- Born: Edna Leblanc 27 July 1915 Haute-Aboujagane (Beaubassin East), New Brunswick, Canada
- Died: 20 January 2012 (aged 96) Moncton, New Brunswick
- Known for: Volunteer service
- Awards: Governor General's Caring Canadian Award

= Edna Bourque =

Canadian volunteer (1915–2012)

Edna Bourque (1915–2012) was a Canadian volunteer recognized for her involvement with the elderly. Her involvement earned her several distinctions, including the Order of Francophones of America, the Order of La Pléiade and the Governor General's Caring Canadian Award.

==Biography==

Edna Leblanc was born on 27 July 1915 in Haute Aboujagane, now a hamlet of Beaubassin East, in southeastern New Brunswick. Her parents were Félicien Leblanc and Joséline Cormier. She married Antonio Bourque, and first lived in Moncton before retiring to Villa Providence in Shediac.

Edna Bourque was President of the New Brunswick Senior Citizens Federation and the International Francophone Seniors Association (AIFA).
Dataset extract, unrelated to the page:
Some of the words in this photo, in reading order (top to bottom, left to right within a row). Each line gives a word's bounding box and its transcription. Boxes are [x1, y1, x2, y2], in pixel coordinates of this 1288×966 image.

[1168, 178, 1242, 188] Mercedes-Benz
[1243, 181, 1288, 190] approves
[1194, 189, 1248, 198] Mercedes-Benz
She chaired the Club de l'âge d'or du Christ-Roy (English: Golden Age Club of Christ the King) in Moncton and was vice-president of Mount Saint Vincent University and of the home schools and ladies' auxiliary of the Sisters of Charity of Saint Vincent de Paul (Halifax). Bourque was decorated with the Order of Francophones of America in 1988, the Order of La Pléiade in 1990 and the 2007 Governor General's Caring Canadian Award.

Bourque died on 20 January 2012 at the Dr. Georges-L.-Dumont University Hospital Centre in Moncton at the age of 96.